The oval-shaped jackfruit is covered in fleshy spines. Unripe, they appear green and as they become ripe, they turn golden yellow. The fruit yields to gentle pressure when ripe and gives off a strong onion-like odor. Though jackfruit flesh and seeds are edible, the skin is not. The flesh, which resembles that of a banana, has a texture like chicken… and is even nicknamed the vegetarian’s meat. The tropical flavor of a ripe jackfruit will remind you of mangoes, pineapples, and bananas. Don’t expect the same pleasant flavor from an unripe one though-it will be crunchier and taste a bit meaty. The seeds are said to taste like chestnuts after roasting.
As you can imagine, cutting one of these giants is quite an intimidating task. Here’s a tutorial to show you how.
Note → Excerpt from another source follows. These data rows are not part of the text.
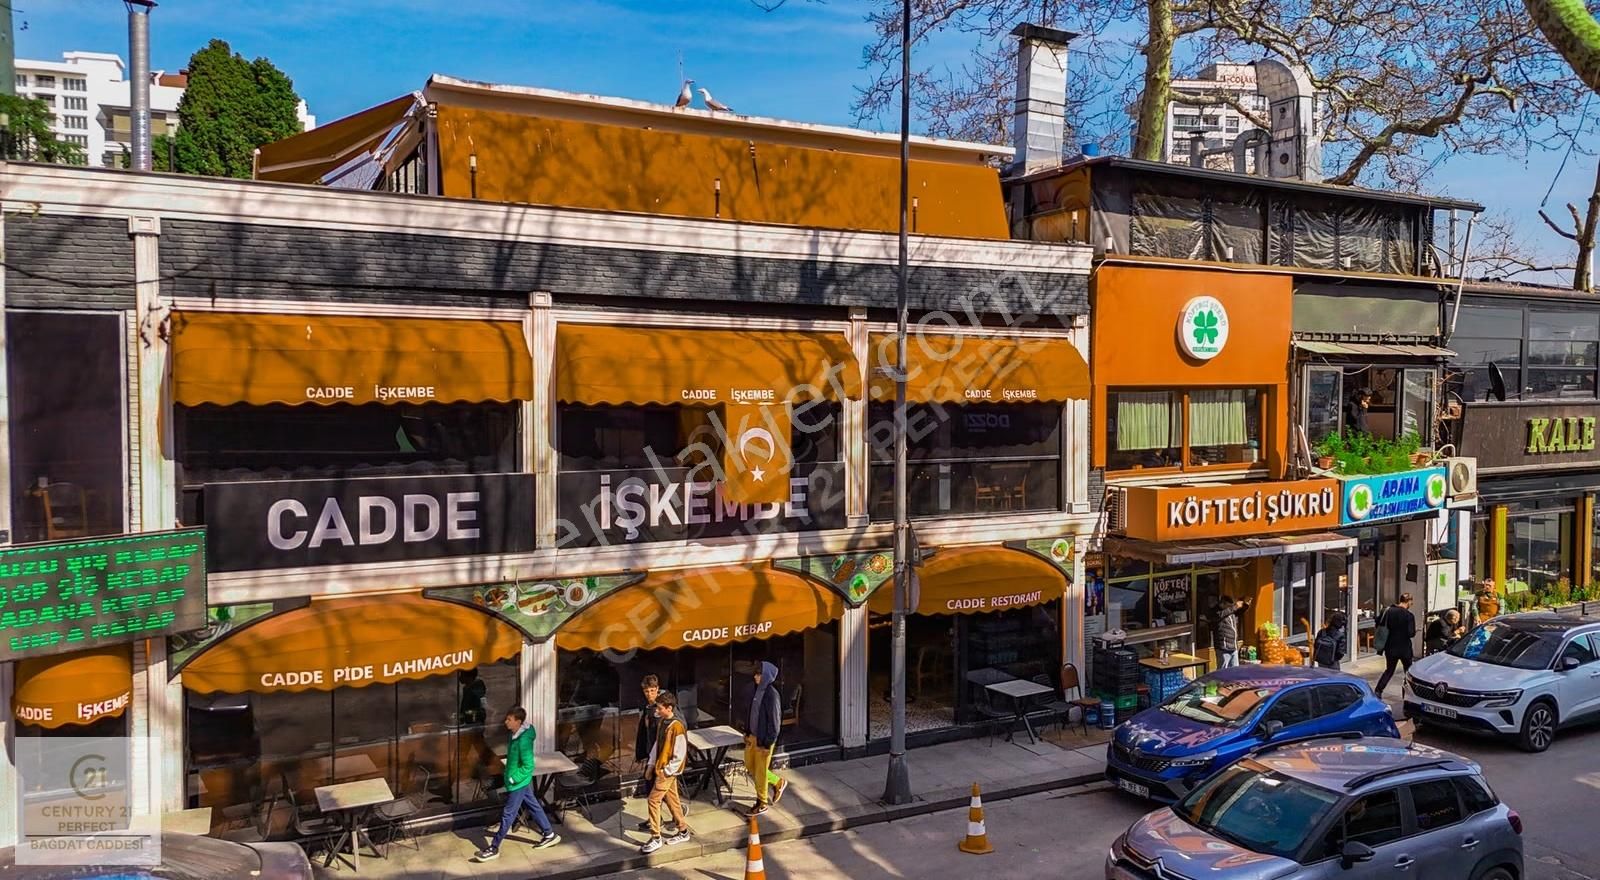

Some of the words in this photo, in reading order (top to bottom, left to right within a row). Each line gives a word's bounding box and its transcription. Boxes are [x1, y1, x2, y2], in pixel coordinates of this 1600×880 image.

[306, 387, 354, 398] CADDE
[375, 385, 435, 400] İŞKEMBE
[682, 389, 717, 399] CADDE
[731, 388, 775, 402] İŞKEMBE
[965, 389, 992, 398] CADDE
[1002, 388, 1037, 400] İŞKEMBE
[1527, 416, 1596, 453] KALE
[1169, 491, 1262, 526] KÖFTECİ
[1267, 487, 1334, 523] ŞÜKRÜ
[267, 491, 480, 550] CADDE
[946, 597, 986, 610] CADDE
[991, 590, 1042, 607] RESTORANT
[682, 627, 729, 642] CADDE
[734, 621, 772, 637] KEBAP
[261, 669, 324, 687] CADDE
[333, 665, 374, 682] PİDE
[383, 649, 474, 677] LAHMACUN
You’ll want to come prepared with gloves and cooking oil; the sap is so sticky that it’s used to make glue in some countries. Jackfruits make great additions to soups, stews, curries, casseroles, and fruit salads-just to name a few. Sick of the same old tuna sandwich? This take on the usual will make you want to ditch the tuna.
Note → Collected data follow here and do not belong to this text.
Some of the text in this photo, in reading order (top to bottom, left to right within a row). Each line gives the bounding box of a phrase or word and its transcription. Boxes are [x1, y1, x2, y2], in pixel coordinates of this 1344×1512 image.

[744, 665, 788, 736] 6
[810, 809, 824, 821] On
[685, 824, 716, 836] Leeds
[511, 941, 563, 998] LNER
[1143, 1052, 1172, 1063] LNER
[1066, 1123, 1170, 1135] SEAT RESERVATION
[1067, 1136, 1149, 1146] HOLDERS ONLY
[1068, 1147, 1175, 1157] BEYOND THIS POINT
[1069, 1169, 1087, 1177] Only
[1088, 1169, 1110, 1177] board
Jackfruits grow from May to August and then again from September to December. Brazil, Thailand, India, and Mexico are top producers, but you can still find very small amounts growing domestically in Florida and the San Diego area.
Whole unripe jackfruits can sit out on the counter for about six days and about four days for whole ripe ones. After slicing them up, store the pieces in the fridge in an air-tight container for up to four days of use. You can also freeze the cut pieces to get a month out of them.